Your goal ->
The result should be the lines from the one holding "this 1698×1920 image." to the final line of the records, retyped exactly.

Supplied material ->
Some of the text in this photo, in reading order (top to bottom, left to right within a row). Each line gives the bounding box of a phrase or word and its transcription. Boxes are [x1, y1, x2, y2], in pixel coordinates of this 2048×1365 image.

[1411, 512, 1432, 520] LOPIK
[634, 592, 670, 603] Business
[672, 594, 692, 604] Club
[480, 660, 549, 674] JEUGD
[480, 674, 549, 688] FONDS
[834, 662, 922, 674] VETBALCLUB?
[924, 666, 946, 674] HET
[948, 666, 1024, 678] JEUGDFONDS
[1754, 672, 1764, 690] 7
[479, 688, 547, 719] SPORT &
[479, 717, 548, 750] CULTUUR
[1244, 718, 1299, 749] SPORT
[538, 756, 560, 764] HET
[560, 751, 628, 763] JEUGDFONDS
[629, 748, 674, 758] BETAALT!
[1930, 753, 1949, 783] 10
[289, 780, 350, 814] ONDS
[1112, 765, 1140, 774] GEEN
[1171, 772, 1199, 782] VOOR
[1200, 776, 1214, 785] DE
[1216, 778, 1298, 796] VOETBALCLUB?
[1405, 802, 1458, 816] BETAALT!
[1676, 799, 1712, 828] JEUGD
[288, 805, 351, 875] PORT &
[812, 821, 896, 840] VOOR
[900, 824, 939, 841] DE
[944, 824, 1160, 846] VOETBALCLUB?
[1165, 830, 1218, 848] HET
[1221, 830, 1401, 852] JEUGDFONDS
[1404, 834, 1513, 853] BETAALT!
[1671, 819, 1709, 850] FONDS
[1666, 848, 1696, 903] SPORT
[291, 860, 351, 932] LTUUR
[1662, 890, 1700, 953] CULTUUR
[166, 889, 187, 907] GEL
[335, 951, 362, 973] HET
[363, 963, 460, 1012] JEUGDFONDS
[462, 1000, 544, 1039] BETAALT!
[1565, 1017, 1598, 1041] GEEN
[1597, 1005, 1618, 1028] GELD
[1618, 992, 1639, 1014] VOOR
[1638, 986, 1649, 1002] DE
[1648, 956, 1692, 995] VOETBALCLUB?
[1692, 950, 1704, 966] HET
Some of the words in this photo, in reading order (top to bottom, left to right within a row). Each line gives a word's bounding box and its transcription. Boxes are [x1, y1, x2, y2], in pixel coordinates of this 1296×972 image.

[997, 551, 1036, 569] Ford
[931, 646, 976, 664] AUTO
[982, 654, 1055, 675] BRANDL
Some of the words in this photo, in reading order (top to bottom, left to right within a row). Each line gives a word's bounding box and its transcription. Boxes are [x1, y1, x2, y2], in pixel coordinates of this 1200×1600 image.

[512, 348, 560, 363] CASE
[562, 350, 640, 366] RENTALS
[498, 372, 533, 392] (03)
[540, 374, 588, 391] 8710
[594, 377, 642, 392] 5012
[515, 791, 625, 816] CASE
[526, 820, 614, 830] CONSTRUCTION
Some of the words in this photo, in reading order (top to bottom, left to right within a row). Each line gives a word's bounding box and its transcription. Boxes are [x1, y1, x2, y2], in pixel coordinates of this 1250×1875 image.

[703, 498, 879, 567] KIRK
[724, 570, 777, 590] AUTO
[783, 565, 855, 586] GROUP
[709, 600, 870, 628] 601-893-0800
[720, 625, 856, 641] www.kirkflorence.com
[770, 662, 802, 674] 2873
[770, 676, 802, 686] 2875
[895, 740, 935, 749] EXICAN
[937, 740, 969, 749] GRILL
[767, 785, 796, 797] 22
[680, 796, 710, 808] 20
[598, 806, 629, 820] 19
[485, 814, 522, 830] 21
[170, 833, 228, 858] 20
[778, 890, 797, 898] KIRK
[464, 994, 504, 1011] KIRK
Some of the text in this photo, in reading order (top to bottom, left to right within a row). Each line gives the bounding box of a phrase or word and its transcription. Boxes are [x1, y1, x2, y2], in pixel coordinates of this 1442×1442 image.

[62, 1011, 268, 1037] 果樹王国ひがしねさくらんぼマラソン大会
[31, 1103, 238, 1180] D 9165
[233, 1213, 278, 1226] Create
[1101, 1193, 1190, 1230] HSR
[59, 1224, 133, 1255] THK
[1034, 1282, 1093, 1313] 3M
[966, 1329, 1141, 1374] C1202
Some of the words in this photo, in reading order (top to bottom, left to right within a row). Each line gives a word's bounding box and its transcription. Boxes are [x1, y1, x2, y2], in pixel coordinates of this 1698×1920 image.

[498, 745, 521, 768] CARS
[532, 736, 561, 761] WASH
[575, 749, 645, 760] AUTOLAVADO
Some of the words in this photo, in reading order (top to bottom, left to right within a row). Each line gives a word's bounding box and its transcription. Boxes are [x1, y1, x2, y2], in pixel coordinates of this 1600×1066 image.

Written response ->
Some of the words in this photo, in reading order (top to bottom, left to right within a row). Each line gives a word's bounding box and its transcription. Boxes are [x1, y1, x2, y2], in pixel coordinates of this 1698×1920 image.

[498, 745, 521, 768] CARS
[532, 736, 561, 761] WASH
[575, 749, 645, 760] AUTOLAVADO
Some of the words in this photo, in reading order (top to bottom, left to right within a row). Each line gives a word's bounding box and its transcription. Boxes are [x1, y1, x2, y2], in pixel coordinates of this 1600×1066 image.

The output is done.